John attendit encore quelques instants, faisant distraitement rebondir le ballon sur le sol. Puis, un petit garçon sortit de derrière un arbre. Il ne devait pas être plus âgé que son ami, et était légèrement plus grand. Il était fin, peut-être un peu trop. Ses cheveux étaient bouclés un peu n'importe comment sur son crâne, et sa peau était assez pâle. Il avait de belles pommettes mais ce qui attirait peut-être le plus l'attention était ses yeux, vifs et clairs. Il émanait de lui une sensation d'étrangeté, comme s'il n'était pas vraiment de ce monde. John avait souvent entendu parler d'amis imaginaires, il se demandait si Sherlock n'en était pas un.
- Bonjour, John, murmura celui-ci en s'approchant de lui, ses yeux parcourant le blond de bas en haut avant de s'attarder sur le ballon multicolore. Tu es encore tombé dans les escaliers ce matin, ta sœur t'a crié dessus, tu lui as volé son blouson pour te venger, et parce que tu le trouvais joli et que tu voulais me le montrer. Oh, et tu as encore mangé un toast à la confiture. Fraise.
- Et toi, tu... fit le plus petit, fronçant les sourcils sous la concentration. Non je sais pas. On joue ?
Le brun hocha la tête. Ils jouèrent bien tout l'après-midi, se passant la balle, se courant après, faisant du toboggan, … John tomba même plusieurs fois, et son ami répétait sans arrêt que ces jeux étaient stupides mais il avait l'air de s'amuser énormément en les faisant, alors le blond avait appris à ne pas en croire un seul mot. Quand le soleil commença finalement à décliner, ils s'assirent tous les deux sur les balançoires, l'un à côté de l'autre, et regardèrent le ciel ensemble. Ils souriaient.
- Dis, Sherlock, demanda John d'un coup d'un seul en se tournant vers son ami.
- Hm ?
- Pourquoi tu veux pas que je te présente à mes parents ou mes autres amis ?
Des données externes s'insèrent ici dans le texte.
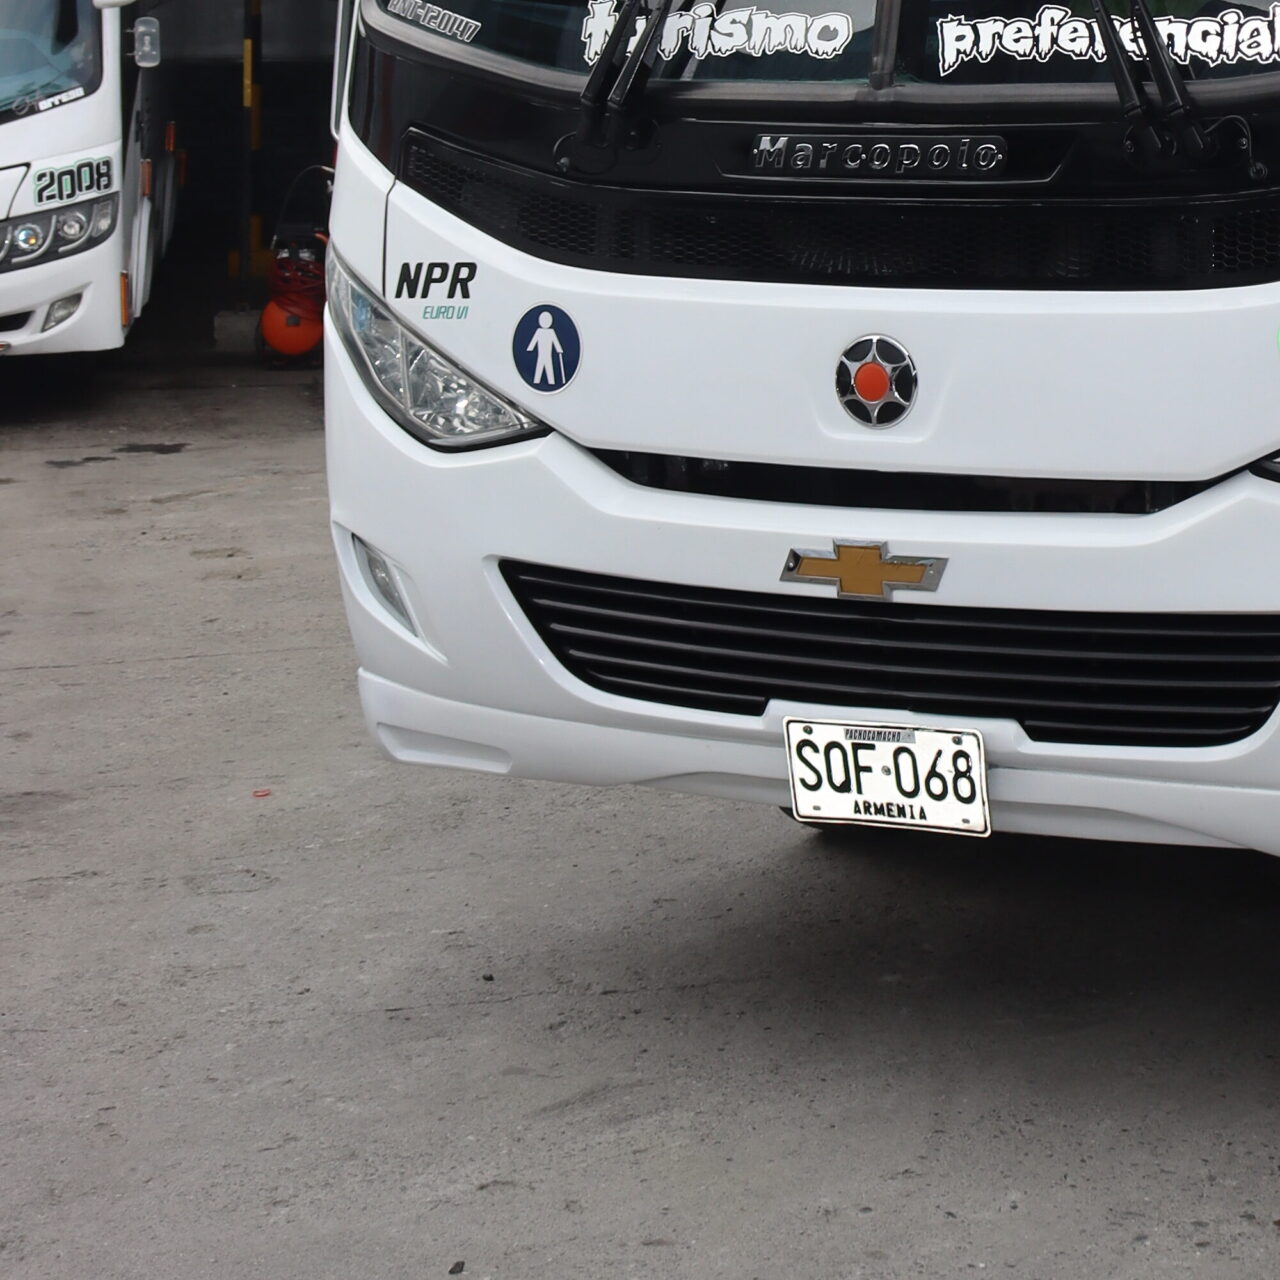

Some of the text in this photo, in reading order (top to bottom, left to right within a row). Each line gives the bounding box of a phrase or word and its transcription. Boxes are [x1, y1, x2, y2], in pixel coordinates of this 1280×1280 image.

[755, 136, 998, 174] Marcopolo
[36, 159, 113, 204] 2008
[395, 262, 478, 300] NPR
[422, 306, 455, 320] EURO
[853, 800, 927, 820] ARMENIA
Le plus grand fixa John pendant un moment, l'air circonspect. Puis ses lèvres s'étirèrent de nouveau dans un petit sourire et il regarda de nouveau le ciel. Il n'y avait aucun nuage, juste l'immensité bleu qui allait bientôt se colorer de petites lumières quand le soleil aura finalement disparu. Il resta une ou deux minutes silencieux, ses jambes battantes dans le vide, puis il répondit enfin, arrêtant le mouvement de ses jambes :
- Parce que j'ai un ami. Et je n'en ai pas besoin de plus.
John haussa un sourcil mais ne posa pas plus de question. Il ne comprenait pas vraiment ce que Sherlock voulait dire par là, mais ça ne le dérangeait pas. Parce qu'il adorait Sherlock, et tant que celui-ci ressentait la même chose, alors ça lui allait très bien. Ils restèrent un long moment encore comme ça, muets, fixant tous deux la beauté de l'univers, appréciant le temps passé ensemble. Soudain, le blond sauta à terre en faisant un grand mouvement des mains comme s'il avait fait un exploit et se tourna vers son ami avec un grand sourire un peu peiné.
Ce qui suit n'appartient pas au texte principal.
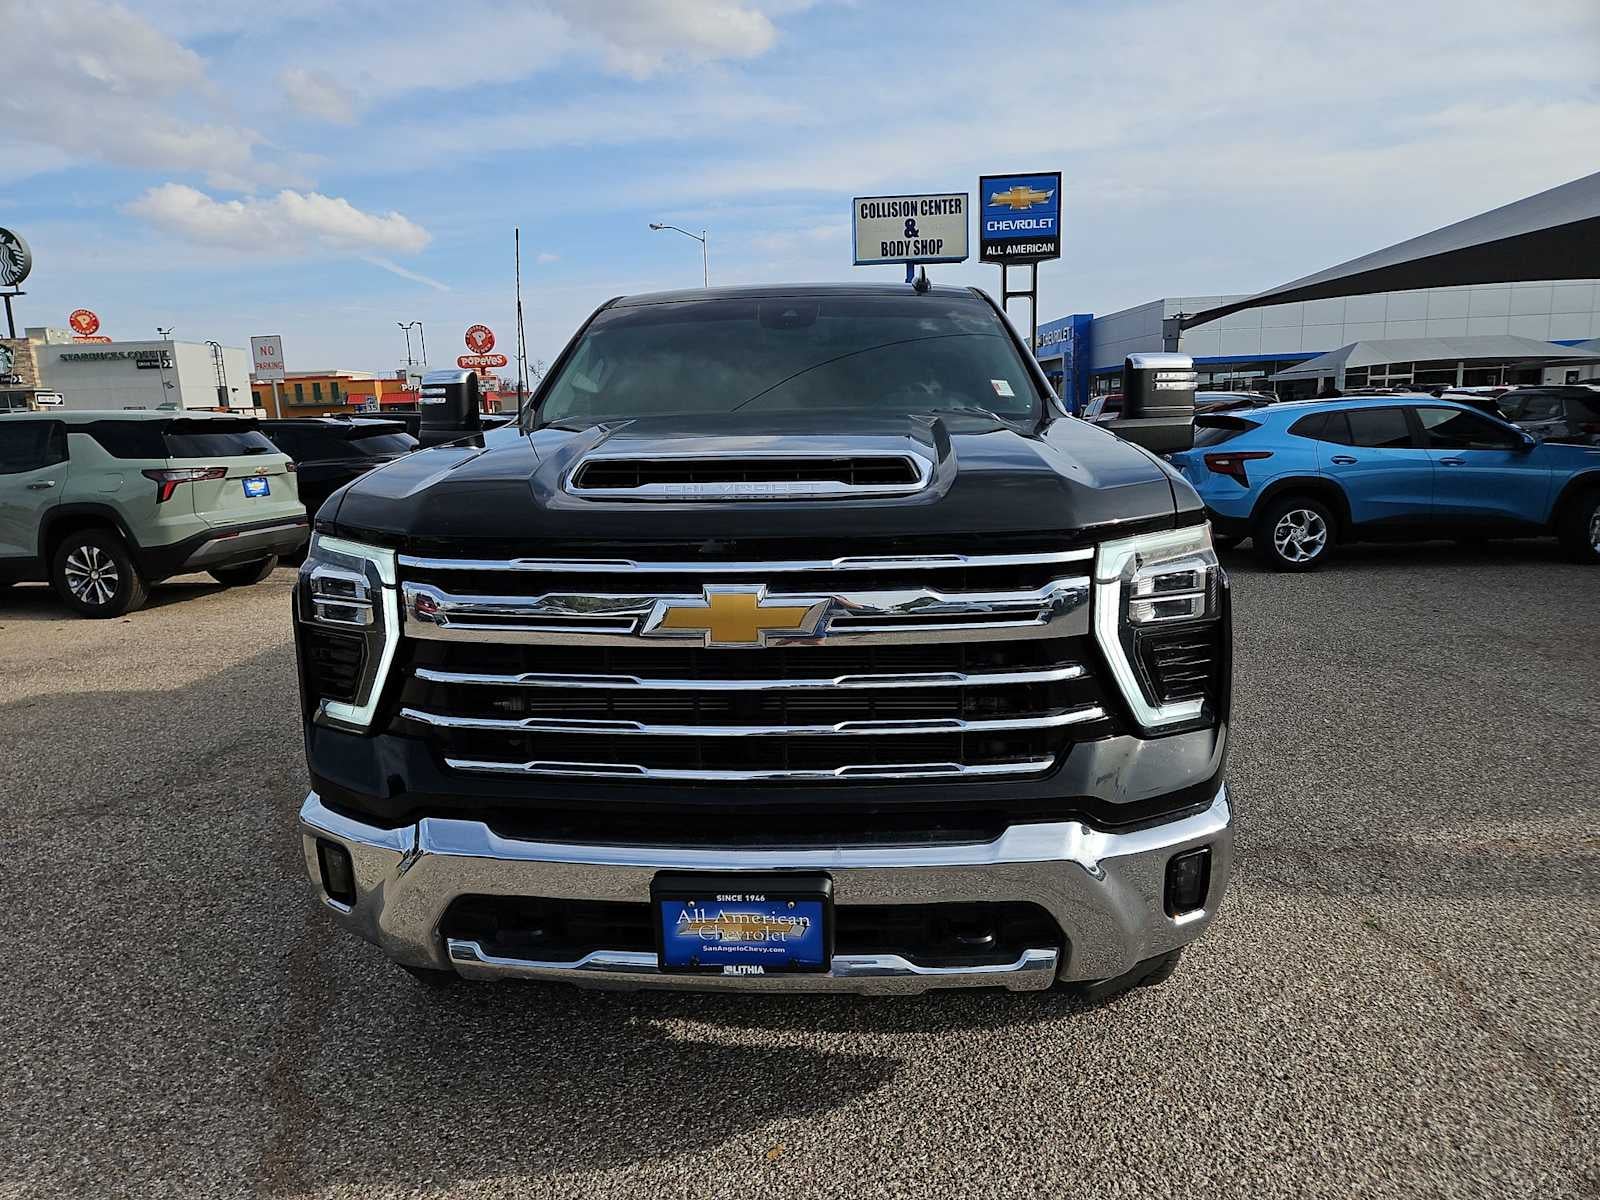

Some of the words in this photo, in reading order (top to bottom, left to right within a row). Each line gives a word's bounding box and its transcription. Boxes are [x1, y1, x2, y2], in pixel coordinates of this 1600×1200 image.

[860, 201, 918, 219] COLLISION
[920, 198, 962, 216] CENTER
[904, 218, 920, 239] &
[986, 218, 1054, 231] CHEVROLET
[881, 239, 911, 257] BODY
[913, 239, 943, 255] SHOP
[986, 245, 1004, 255] ALL
[1005, 243, 1055, 254] AMERICAN
[60, 350, 126, 362] STARBUCKS
[260, 345, 274, 356] NO
[255, 360, 284, 370] PARKING
[716, 894, 743, 902] SINCE
[745, 894, 766, 902] 1946
[676, 909, 706, 924] All
[713, 909, 811, 927] American
[698, 923, 787, 942] Chevrolet
[702, 945, 786, 953] SanAngeloChevy.com
[733, 965, 765, 974] LITHIA
- Je dois partir, ma mère va me tuer si je n'arrive pas à temps pour l'entrée ! fit-il en riant. Mais on se voit demain, hein, Sherlock ?
- Oui, et n'oublie pas de faire ton lit demain matin, ta mère va encore te gronder ce soir, précisa le plus grand.
- Oups. Peut-être que si je cours j'aurais le temps de le faire avant qu'elle s'aperçoive que j'ai encore oublié ce matin.
- J'ai bien peur qu'il ne soit trop tard.
John haussa un sourcil, ramassa son ballon et fila hors du parc en saluant Sherlock de la main. Celui-ci l'imita, ne pouvant retenir un petit sourire. Il regarda son ami s'éloigner, puis disparaître derrière les arbres. Il glissa au sol et parcourut l'aire de jeux en silence, regardant la faible luminosité déformer les ombres. John n'avait jamais remarqué que Sherlock n'en avait pas. C'était normal. Le brun passa entre les pierres tombales, passant le bout de ses doigts sur leurs matières grises et froide. Il s'arrêta finalement devant une, et s'assit devant. Il resta un moment là, avant de fermer les yeux et de disparaître dans souffle. Il n'y avait plus rien, à part juste une fleur, sur la tombe de celui qu'on appelait, avant son décès, Sherlock Holmes.